(DATA FOR ANALYSIS begins)
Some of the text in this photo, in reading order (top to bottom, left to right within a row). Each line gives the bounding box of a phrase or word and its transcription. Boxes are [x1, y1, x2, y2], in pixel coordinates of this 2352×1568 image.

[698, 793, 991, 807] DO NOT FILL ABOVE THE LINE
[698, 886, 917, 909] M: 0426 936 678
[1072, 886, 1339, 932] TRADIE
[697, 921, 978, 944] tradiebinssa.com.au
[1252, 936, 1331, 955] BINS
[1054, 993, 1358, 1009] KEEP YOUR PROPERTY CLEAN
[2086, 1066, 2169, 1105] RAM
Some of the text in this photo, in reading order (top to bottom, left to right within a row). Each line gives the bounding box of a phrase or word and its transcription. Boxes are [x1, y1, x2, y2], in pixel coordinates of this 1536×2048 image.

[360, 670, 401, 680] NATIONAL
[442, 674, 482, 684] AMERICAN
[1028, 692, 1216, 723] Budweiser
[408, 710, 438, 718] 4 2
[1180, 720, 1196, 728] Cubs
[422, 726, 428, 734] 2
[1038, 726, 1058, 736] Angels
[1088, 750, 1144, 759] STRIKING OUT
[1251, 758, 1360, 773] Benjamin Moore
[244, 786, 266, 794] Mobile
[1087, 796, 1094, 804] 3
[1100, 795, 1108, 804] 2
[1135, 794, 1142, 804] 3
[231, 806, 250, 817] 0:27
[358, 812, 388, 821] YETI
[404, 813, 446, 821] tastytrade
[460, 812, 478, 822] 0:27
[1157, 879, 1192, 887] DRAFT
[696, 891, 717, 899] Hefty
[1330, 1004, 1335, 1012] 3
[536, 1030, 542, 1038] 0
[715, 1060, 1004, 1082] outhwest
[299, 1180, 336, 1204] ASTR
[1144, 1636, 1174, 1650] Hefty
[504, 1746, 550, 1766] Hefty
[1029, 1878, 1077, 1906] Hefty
(DATA FOR ANALYSIS ends)
* [TASK OBJECTIVE] Could you transcribe all of the data exactly as it is given?

* [RESULT OF THIS EXERCISE]
Some of the text in this photo, in reading order (top to bottom, left to right within a row). Each line gives the bounding box of a phrase or word and its transcription. Boxes are [x1, y1, x2, y2], in pixel coordinates of this 2352×1568 image.

[698, 793, 991, 807] DO NOT FILL ABOVE THE LINE
[698, 886, 917, 909] M: 0426 936 678
[1072, 886, 1339, 932] TRADIE
[697, 921, 978, 944] tradiebinssa.com.au
[1252, 936, 1331, 955] BINS
[1054, 993, 1358, 1009] KEEP YOUR PROPERTY CLEAN
[2086, 1066, 2169, 1105] RAM
Some of the text in this photo, in reading order (top to bottom, left to right within a row). Each line gives the bounding box of a phrase or word and its transcription. Boxes are [x1, y1, x2, y2], in pixel coordinates of this 1536×2048 image.

[360, 670, 401, 680] NATIONAL
[442, 674, 482, 684] AMERICAN
[1028, 692, 1216, 723] Budweiser
[408, 710, 438, 718] 4 2
[1180, 720, 1196, 728] Cubs
[422, 726, 428, 734] 2
[1038, 726, 1058, 736] Angels
[1088, 750, 1144, 759] STRIKING OUT
[1251, 758, 1360, 773] Benjamin Moore
[244, 786, 266, 794] Mobile
[1087, 796, 1094, 804] 3
[1100, 795, 1108, 804] 2
[1135, 794, 1142, 804] 3
[231, 806, 250, 817] 0:27
[358, 812, 388, 821] YETI
[404, 813, 446, 821] tastytrade
[460, 812, 478, 822] 0:27
[1157, 879, 1192, 887] DRAFT
[696, 891, 717, 899] Hefty
[1330, 1004, 1335, 1012] 3
[536, 1030, 542, 1038] 0
[715, 1060, 1004, 1082] outhwest
[299, 1180, 336, 1204] ASTR
[1144, 1636, 1174, 1650] Hefty
[504, 1746, 550, 1766] Hefty
[1029, 1878, 1077, 1906] Hefty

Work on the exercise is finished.